US Rep. Steve Lynch has vowed to fight the Widett Circle proposal.
Pagliuca estimated a budget of about $5 billion, which he said could be covered entirely privately. However, he said that does not include the $1.2-billion cost of a "pad" on which to build the Widett Circle stadium. He said that's considered an "economic development" cost, not an Olympic cost, because it would be assumed by the developer given the land for rebuilding after the Olympics. He said there's a similar issue with the proposed Olympic Village at Columbia Point, which would be left as 3,000 apartments and about 1,000 dorm rooms for UMass Boston.
The budget also does not include roughly $760 million in upgrades to the T and roads - such as Kosciuszko Circle in Dorchester - that the state has yet to budget for.

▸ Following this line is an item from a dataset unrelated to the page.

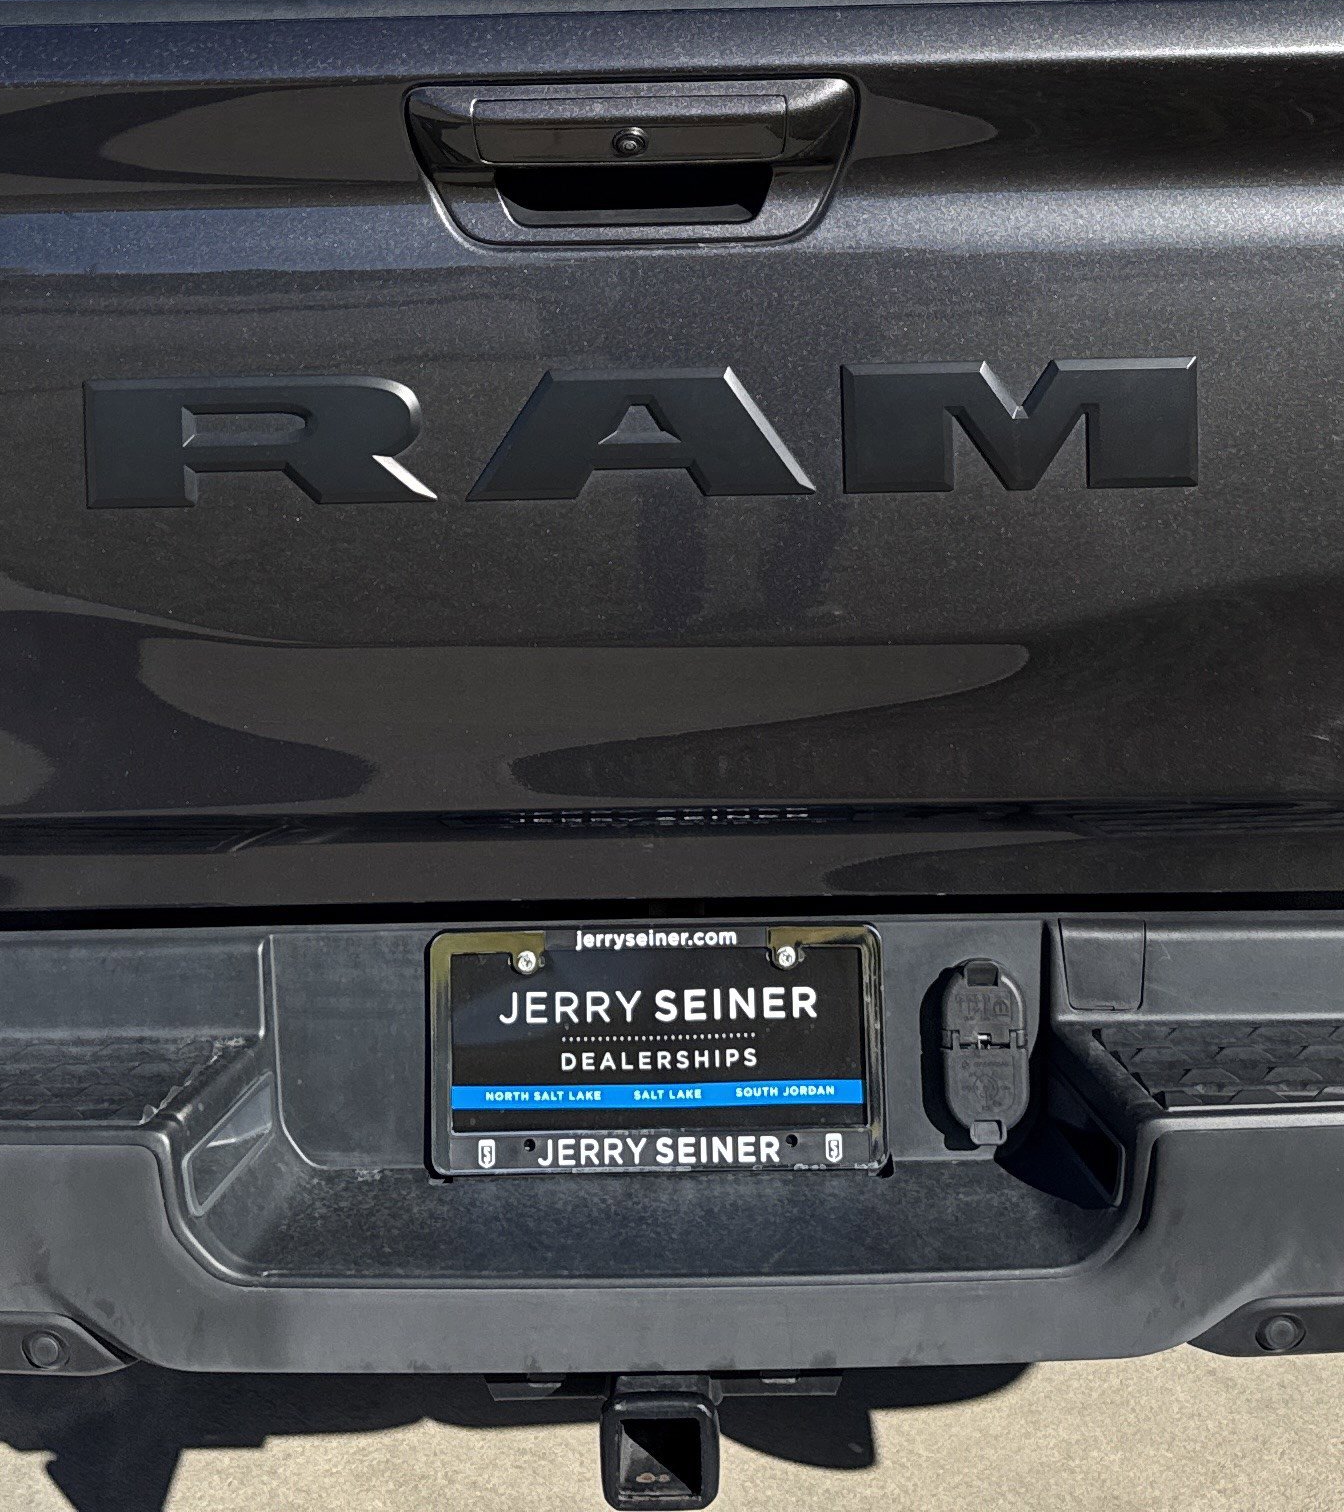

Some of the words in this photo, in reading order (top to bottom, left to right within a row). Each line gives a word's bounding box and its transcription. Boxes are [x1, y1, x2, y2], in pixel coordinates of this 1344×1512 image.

Architect's rendering of proposed Midtown neighborhood in 2044:
Franklin Park will still get horsey events and the Pentathlon, but pentathletes will have to go elsewhere for their swimming race - after residents complained nobody was asking for a pool in Franklin Park, Boston 2024 took that out of its plans.
Boston 2024 CEO Richard Davey said the T should be able to handle the anticipated Olympics load based on already planned improvements in cars and signaling on the Red, Orange and Green lines. However, he called for a new commuter-rail station at Widett Circle and is still counting on upgrades to the JFK/UMass Red Line stop that the state has not planned for.